Allow multiple versions of an enum with different labels; I often find myself with multiple versions of the same enum for different contexts, and there's tons of annoying glue code involved.

enum Direction {
  case up
  case down
  case left
  case right
}

enum Edge relabelling Direction {
  case top[up] // would need to think about this syntax a bit longer
  case bottom[down]
  case leading[left]
  case trailing[right]
}

Automatic 'kind' enums

It can be useful to have both data enums and kind enums; yet there's usually a lot of boilerplate involved so they're avoided.

enum OSVersion {
  case macOS(SemVer)
  case iOS(SemVer)
  case linux(KernelVersion)
  case windows(MSVersion)
}

enum OS = kind OSVersion // syntax needs work

let version: OSVersion = .macOS(SemVer(11, 2, 5))
let os = OS(version) // OS.macOS

Follow Rust's lead with separating out conformance impls from basic impls

From my experience with generics in the SwiftCrossUI project, I've found that it's quite common for conformances to silently become stale when default implementations are available which can cause some pretty subtle bugs.

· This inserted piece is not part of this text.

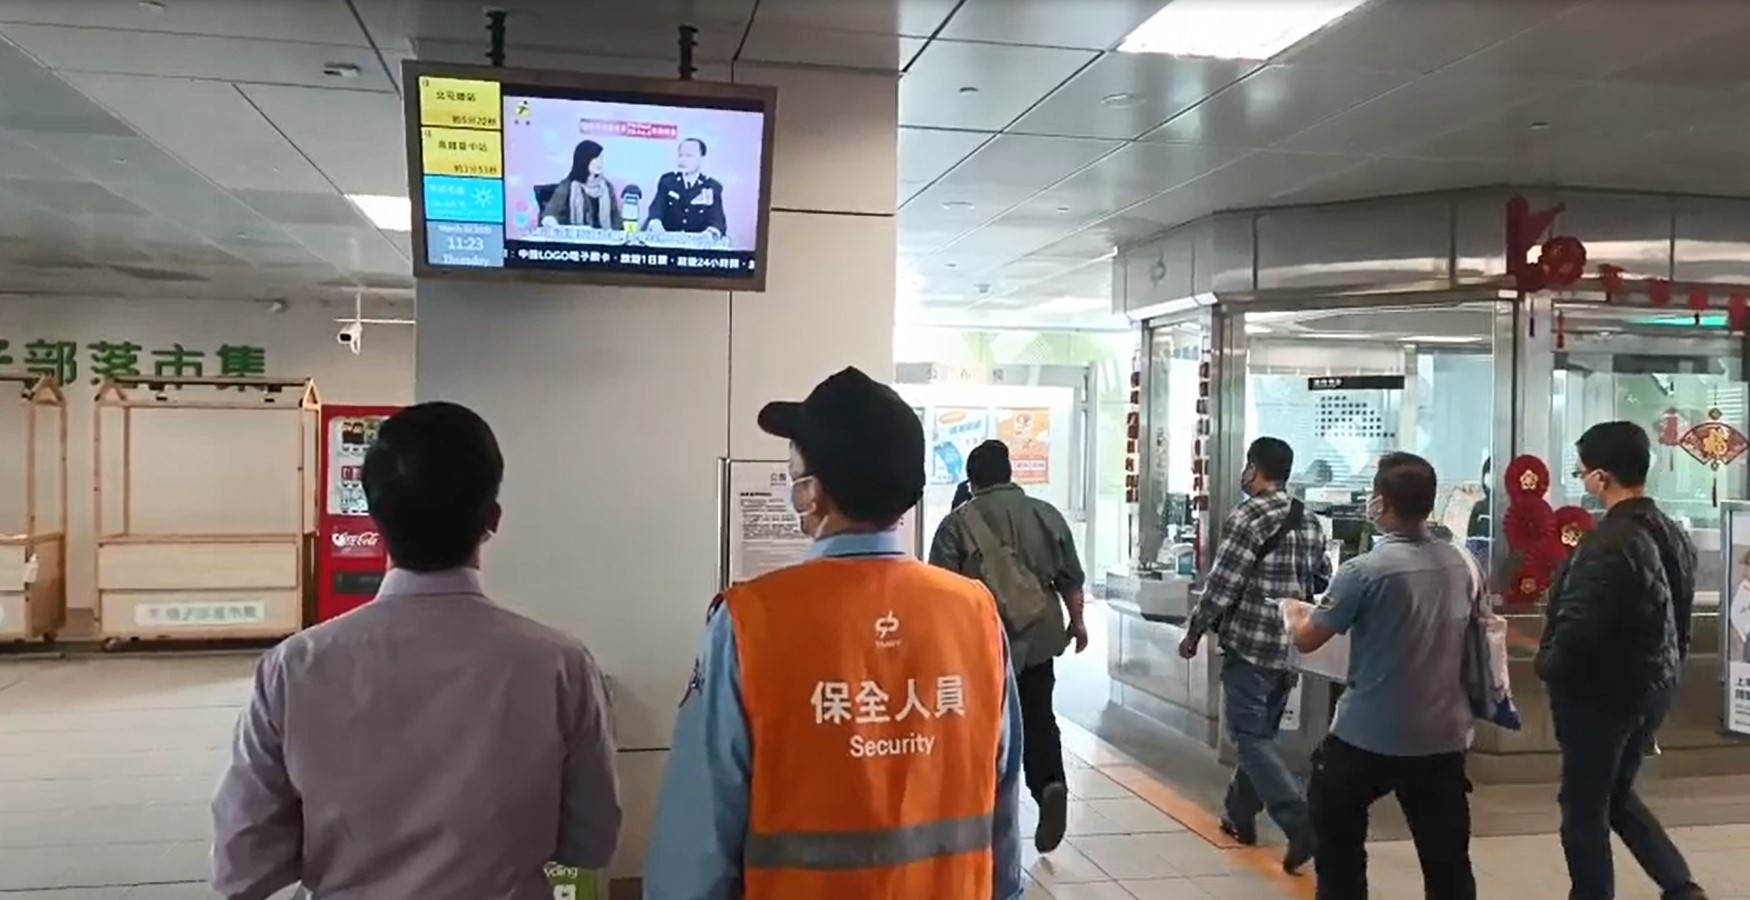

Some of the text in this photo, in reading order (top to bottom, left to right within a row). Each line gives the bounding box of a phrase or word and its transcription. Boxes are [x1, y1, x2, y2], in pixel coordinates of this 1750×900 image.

[448, 236, 484, 251] 11:23
[810, 674, 966, 725] 保全人員
[850, 732, 936, 758] Security

If impl blocks for conformances can only define members satisfying the conformance requirements then this whole source of bugs is eliminated.

A first-class way to collect stacktraces using Result-based error handling

This could possibly be implemented by having a trait that you can implement to get a method called on your struct whenever it's the return value of a function. This would work in most cases but could be annoying if you try and nest the error within another error.